--- RECORDS FOR THE EXERCISE ---

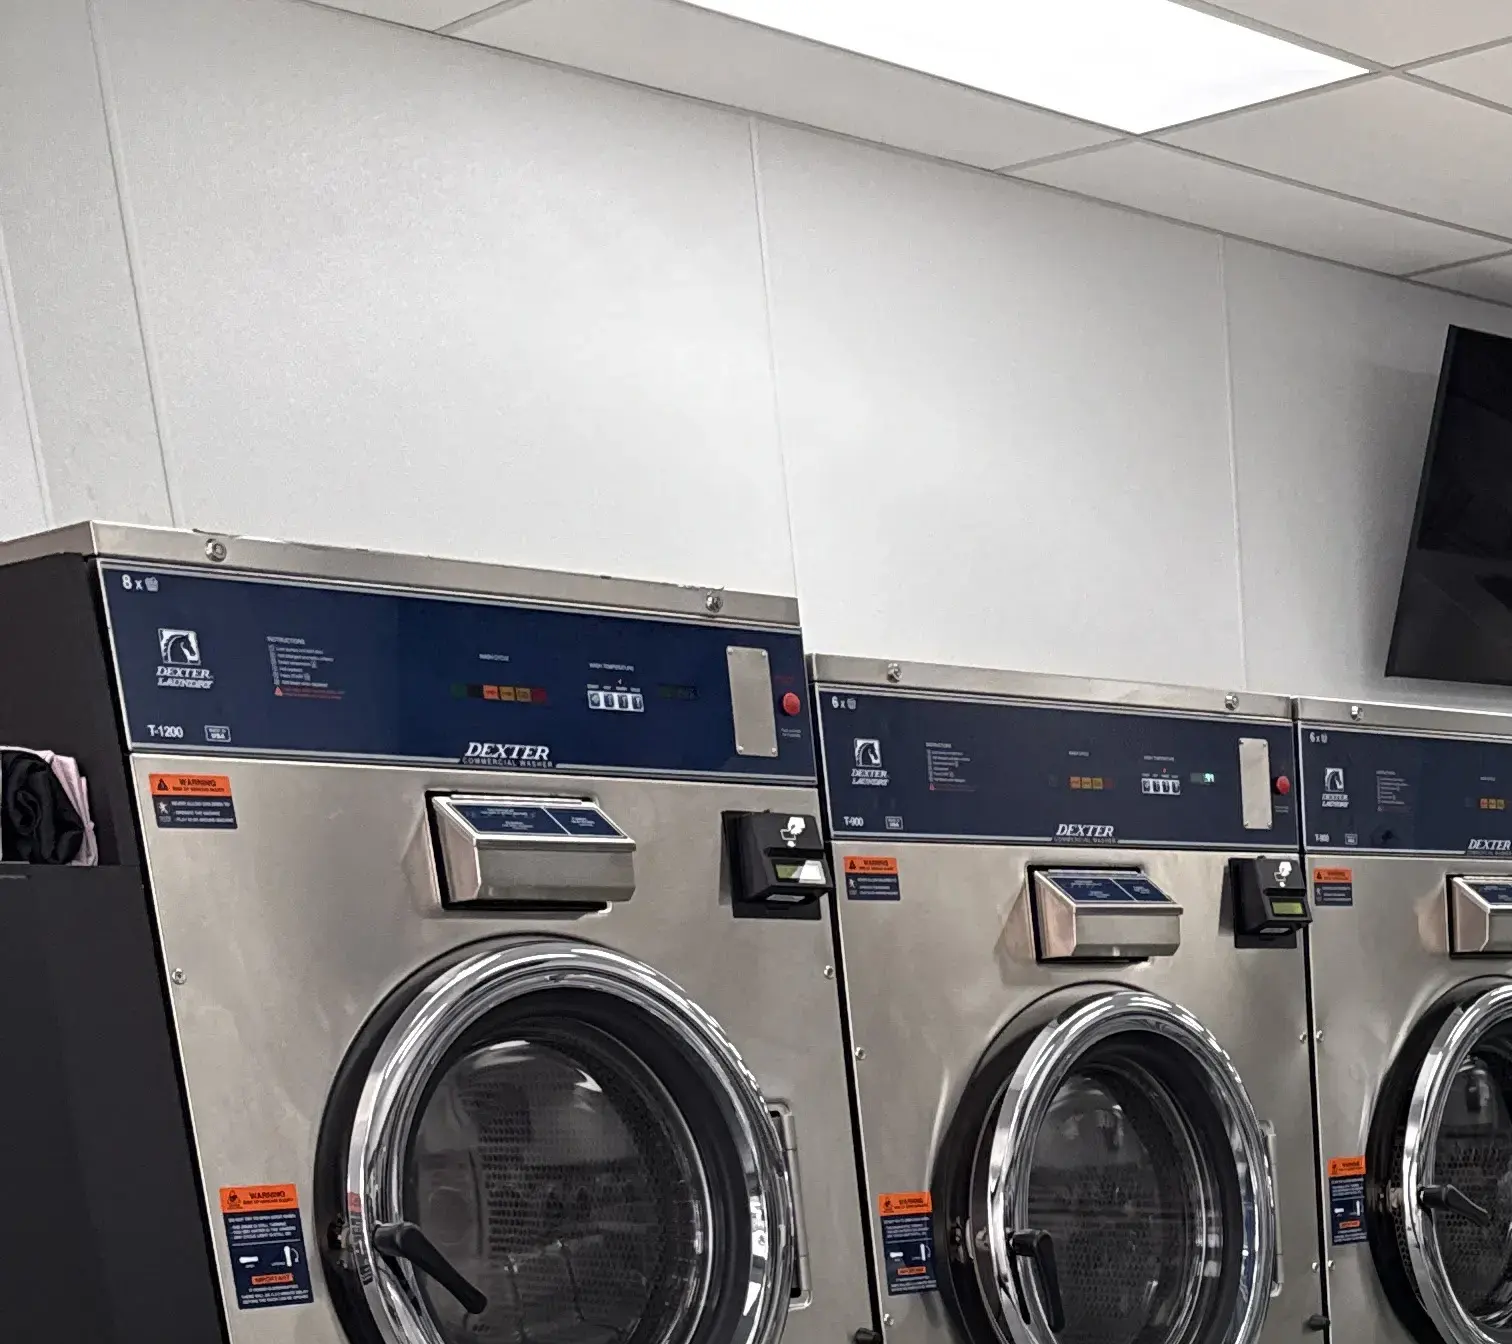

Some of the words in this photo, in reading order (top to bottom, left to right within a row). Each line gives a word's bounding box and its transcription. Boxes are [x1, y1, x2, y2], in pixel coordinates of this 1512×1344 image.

[121, 574, 133, 590] 8
[156, 666, 211, 679] DEXTER
[157, 678, 213, 689] LAUNDRY
[147, 724, 184, 738] T-1200
[464, 741, 550, 760] DEXTER
[461, 757, 517, 767] COMMERCIAL
[851, 768, 888, 778] DEXTER
[1056, 824, 1115, 837] DEXTER
[1467, 838, 1512, 851] DEXTER
[248, 1191, 286, 1199] WARNING

---

__EXERCISE AIM__: Repeat each line above exactly. The pictures stay out.

__RESULT OF THE EXERCISE__:
Some of the words in this photo, in reading order (top to bottom, left to right within a row). Each line gives a word's bounding box and its transcription. Boxes are [x1, y1, x2, y2], in pixel coordinates of this 1512×1344 image.

[121, 574, 133, 590] 8
[156, 666, 211, 679] DEXTER
[157, 678, 213, 689] LAUNDRY
[147, 724, 184, 738] T-1200
[464, 741, 550, 760] DEXTER
[461, 757, 517, 767] COMMERCIAL
[851, 768, 888, 778] DEXTER
[1056, 824, 1115, 837] DEXTER
[1467, 838, 1512, 851] DEXTER
[248, 1191, 286, 1199] WARNING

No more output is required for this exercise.